Now for the main scene:

Picture it, Buffalo at 8pm on a Friday night (judge if you must, I stay home on my night off), I login to complete a few game tasks and my husband decides to hang out in my office while I play. I’m in a new area of the game map and I have to complete a very specific task of clearing the area of monsters and things to “capture” it. After that sentence some of you may be thinking, what is she even talking about? Stay with me, I won’t get into details, but I promise this is relative. He is watching me run around this small section of map and clearly I am missing something I need to complete the task, so from behind me I hear, “No”, indicating that the way that I am going is not correct. I change direction, “No”, I change direction again….you can guess where this is going.
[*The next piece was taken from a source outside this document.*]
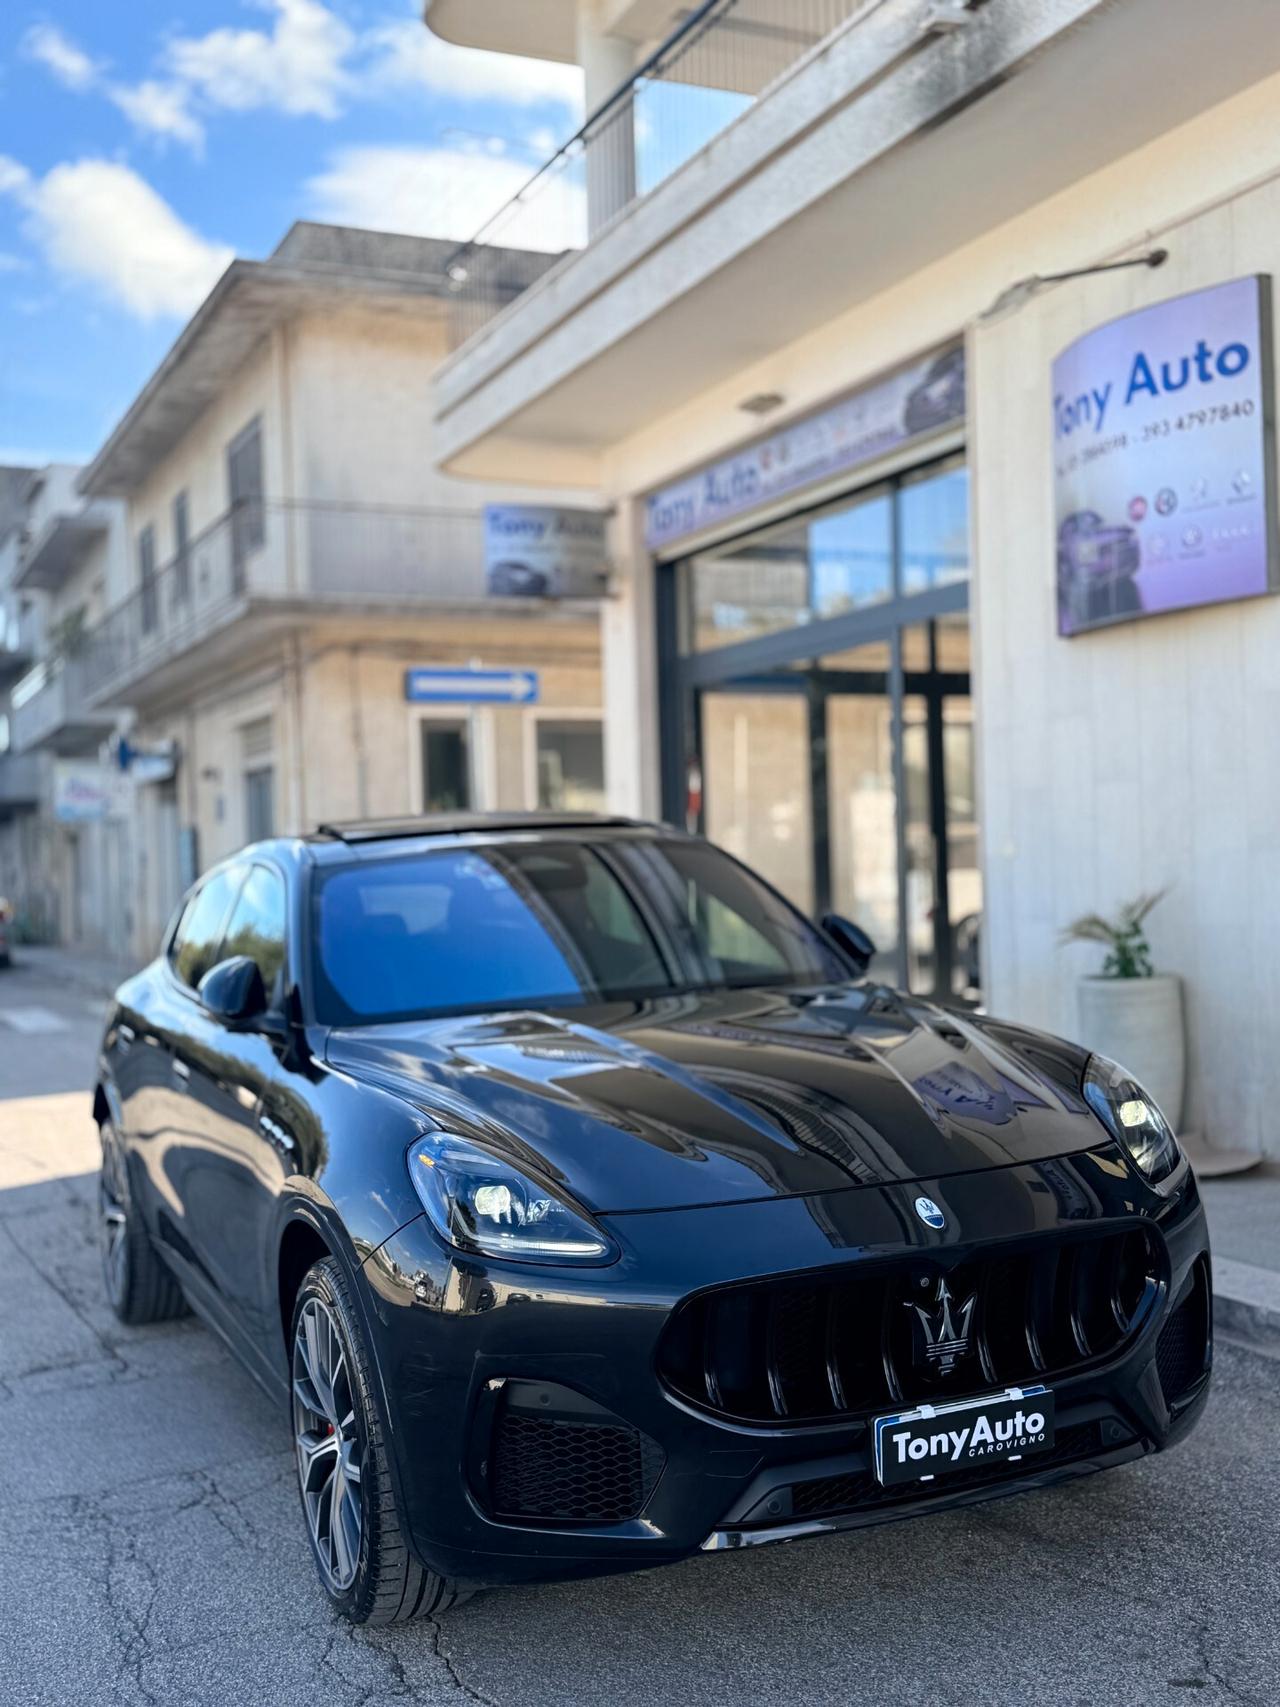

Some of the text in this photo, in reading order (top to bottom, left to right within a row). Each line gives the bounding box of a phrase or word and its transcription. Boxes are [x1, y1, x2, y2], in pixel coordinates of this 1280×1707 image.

After hearing “No” at least a handful of times I got frustrated and snapped at him, “This is not helpful, why don’t you try giving me more useful information that will help me figure out what I should be doing”.

I did finish the section of map with his help, AFTER he provided me with information that was more informative. Afterwards I apologized for my outburst but explained that I found it very frustrating to be told what not to do without being given any information about what I should be doing instead. Read the underlined section of that last sentence again, from your dog’s perspective, maybe in a fun voice. This is the reason why the way that we communicate with our dogs is important!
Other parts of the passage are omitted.